Study material Start Marker
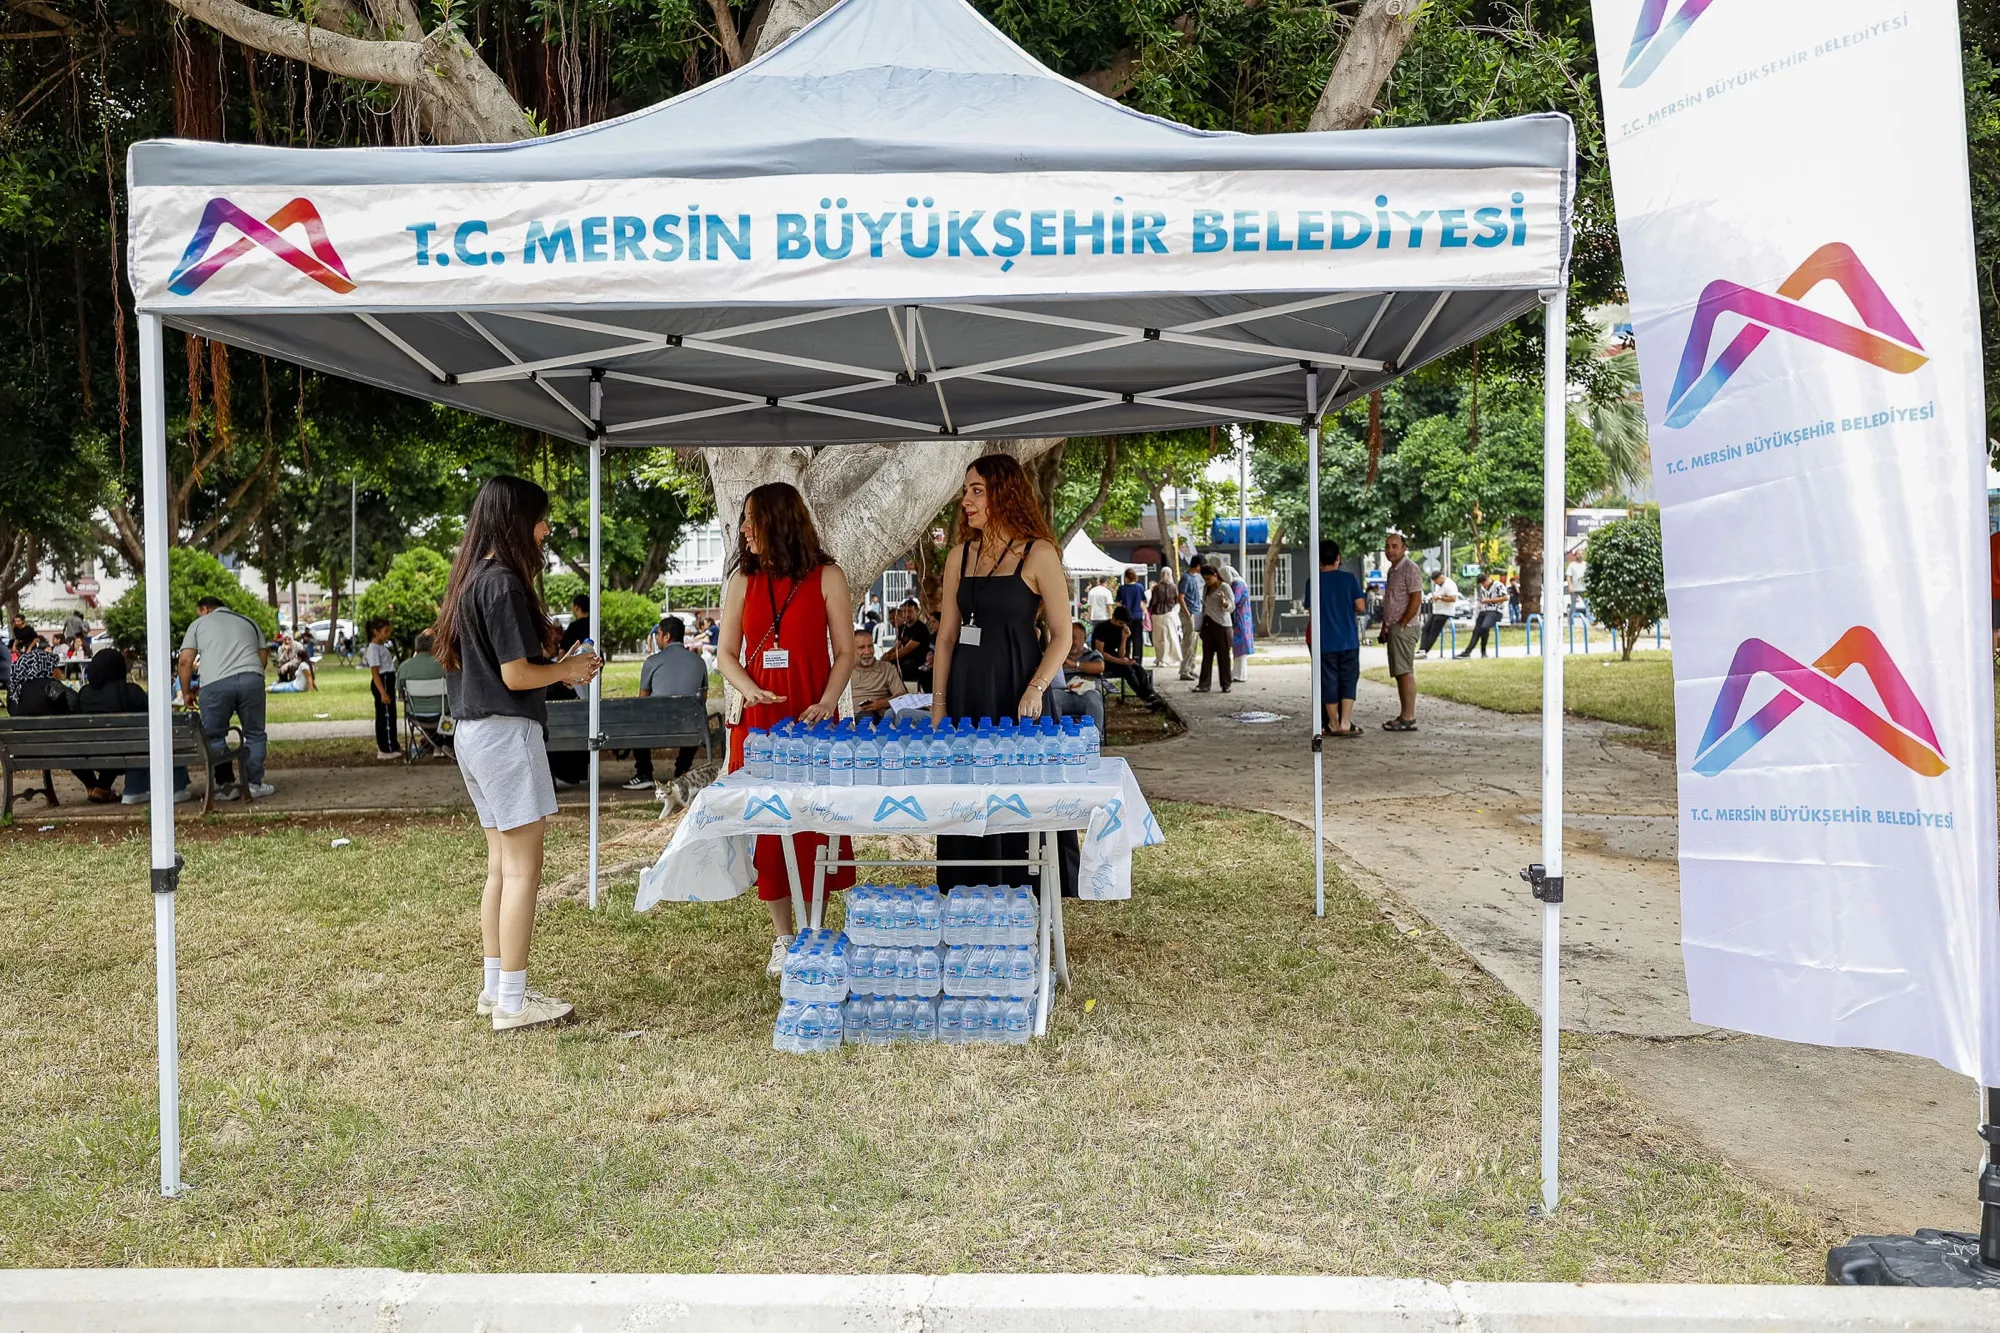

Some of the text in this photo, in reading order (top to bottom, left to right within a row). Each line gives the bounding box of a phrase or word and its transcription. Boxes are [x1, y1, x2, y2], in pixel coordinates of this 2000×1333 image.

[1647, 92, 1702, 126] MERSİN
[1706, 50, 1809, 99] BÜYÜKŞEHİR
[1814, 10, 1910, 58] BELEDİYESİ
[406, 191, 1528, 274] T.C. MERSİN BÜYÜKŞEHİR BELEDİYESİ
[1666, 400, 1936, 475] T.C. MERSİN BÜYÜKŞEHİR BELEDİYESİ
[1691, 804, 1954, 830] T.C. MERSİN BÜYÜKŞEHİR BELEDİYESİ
Study material End Marker
All of the entries above must be reproduced exactly, and no image may be included.

Some of the text in this photo, in reading order (top to bottom, left to right within a row). Each line gives the bounding box of a phrase or word and its transcription. Boxes are [x1, y1, x2, y2], in pixel coordinates of this 2000×1333 image.

[1647, 92, 1702, 126] MERSİN
[1706, 50, 1809, 99] BÜYÜKŞEHİR
[1814, 10, 1910, 58] BELEDİYESİ
[406, 191, 1528, 274] T.C. MERSİN BÜYÜKŞEHİR BELEDİYESİ
[1666, 400, 1936, 475] T.C. MERSİN BÜYÜKŞEHİR BELEDİYESİ
[1691, 804, 1954, 830] T.C. MERSİN BÜYÜKŞEHİR BELEDİYESİ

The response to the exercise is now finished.